Saturday, May 12, 2018

Birth story

There's a common practice in the birthing world I'm in to write down and share your birth story, no matter what happened. In fact, it's often healing for others to read if your birth story didn't go as planned.

It's about speaking the truth of it for yourself, to a witnessing and loving group.
It's about hearing out loud if there was something that didn't feel right or empowering.
It's about being present to a deep process that may have (usually does) impact on your life and your child's life ever after.
For each birthing person, it's about what it needs to be about to story the process of birth.

I tell my birth story as often as I can. I have not written it down. But the telling of it, hearing my words and weaving the tale, gives it eternal life.
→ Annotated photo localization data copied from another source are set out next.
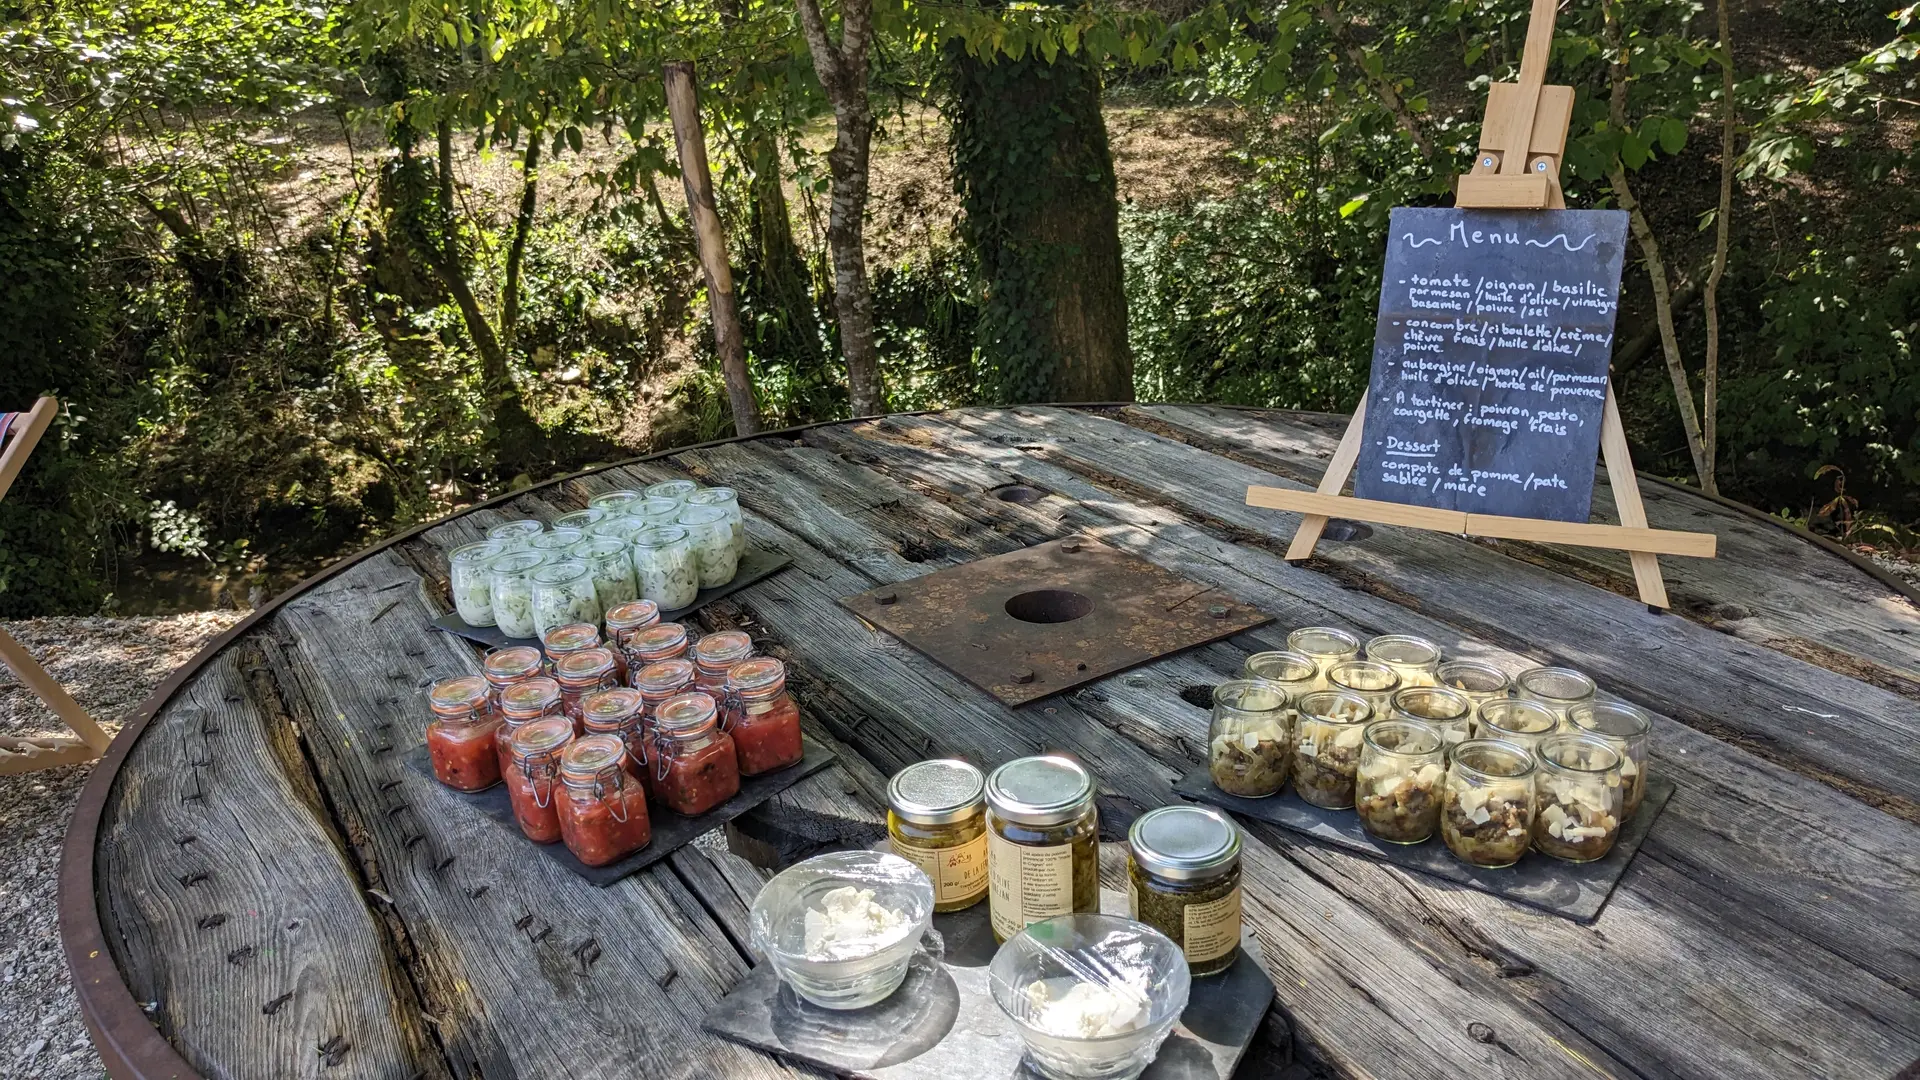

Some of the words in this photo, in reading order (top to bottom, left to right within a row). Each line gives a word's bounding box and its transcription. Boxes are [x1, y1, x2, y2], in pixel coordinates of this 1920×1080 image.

[1450, 220, 1520, 248] Menu
[1408, 287, 1470, 300] parmesan
[1410, 273, 1471, 287] tomate
[1552, 280, 1608, 298] basilic
[1403, 328, 1444, 342] chèvre
[1401, 370, 1429, 382] huile
[1494, 378, 1526, 391] herbe
[1530, 381, 1545, 392] de
[1550, 387, 1605, 402] provence
[1410, 393, 1464, 410] tartiner
[1463, 412, 1518, 435] fromage
[1530, 418, 1567, 436] frais
[1386, 436, 1441, 453] Dessert
[1382, 461, 1440, 477] compote
[1448, 462, 1464, 476] de
[1470, 470, 1522, 484] pomme
If I wrote it down, then the story might stay stuck in the past...but as my child grows, it's important that I keep reaching back and looking at how his beginning (including his life in utero) unfolds into the present.
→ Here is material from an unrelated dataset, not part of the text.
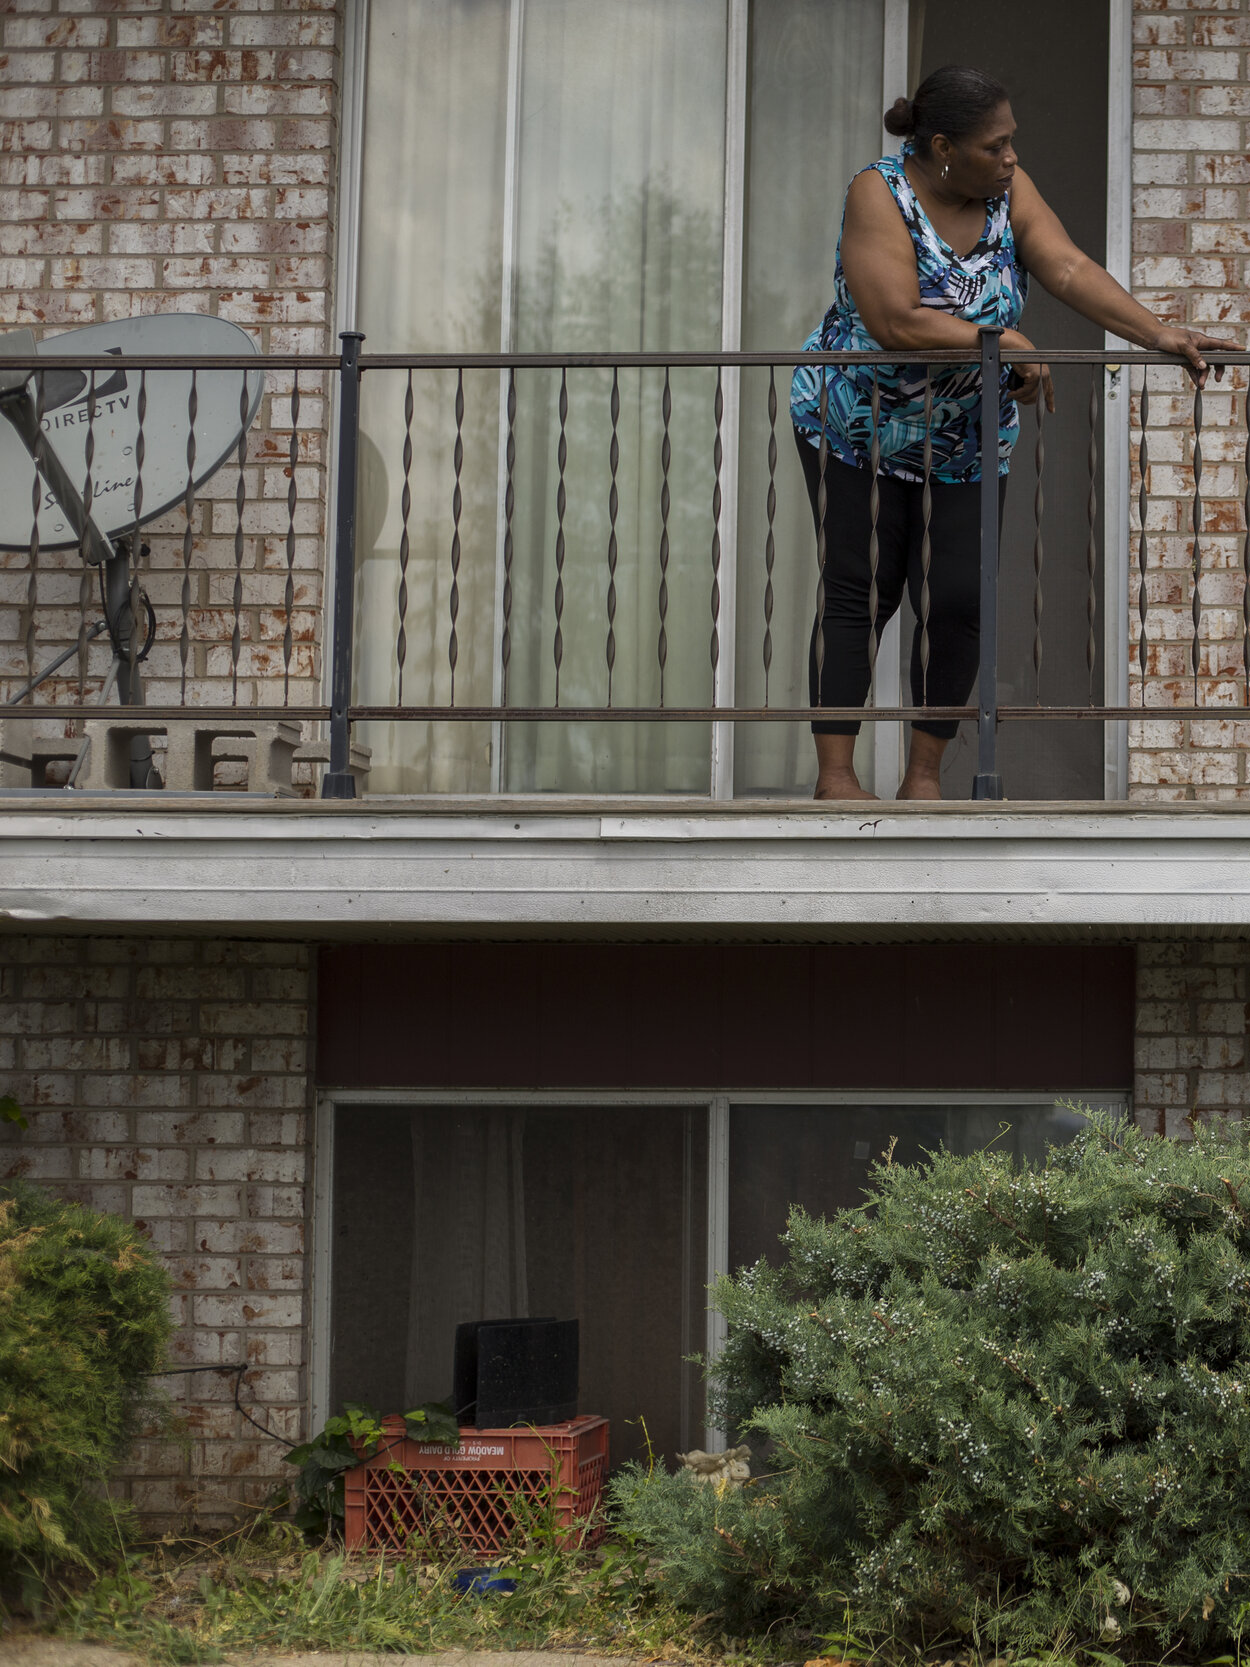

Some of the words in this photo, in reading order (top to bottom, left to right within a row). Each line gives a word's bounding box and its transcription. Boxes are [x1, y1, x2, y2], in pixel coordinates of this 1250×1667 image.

I had a dream while pregnant that K came out using big, long, complicated words, like a PhD at a Mensa meeting. I woke up laughing because it was just like me to have a dream like that.
While K didn't come out talking, he *did* quickly learn to talk and then mastered complex sentences well before the average milestone. That dream was prophetic in a way. The dream isn't part of the birth story, but it's part of K's beginnings. It highlights that our communication was non-verbal from the beginning.

And what I share about the actual birth is that it wasn't an event, it was just another part of our conversation together. We've been communicating for a long time, well before K's arrival into the world. And the storying of his life is co-created.

It's common to say that a type of birth produces a type of person...but what if a type of person creates a type of birth? What if K needed a c-section for *his* story? What if part of my story was letting go of *my* idea of what birth *should* be and allowing what actually is to have a place in the world?
Instead of saying I failed (by not birthing at home, as was my original intent), I could hold space for mystery and reality and start my child's life in acceptance, rather than with an underlying failure or defeat. I wasn't defeated. I didn't fail. I listened. And that listening transformed me in the moment. It allowed me to push myself AND it allowed me to make peace with not my way. And that is a foundation that I want for my son.
I want to create the possibility that I can be in acceptance of not my way.

When he comes to me with something that isn't my way of doing things (as he has many times already!), I can go back to that moment (actually, the pregnancy wasn't my way, either!) and remind myself that not my way didn't kill me. It came close, but it didn't actually. And him doing his thing won't kill me (or him) either.

Stories are powerful and eternal. In them we define ourselves. We create ourselves. We connect to others, we connect to the Divine. It helps us continue to come alive.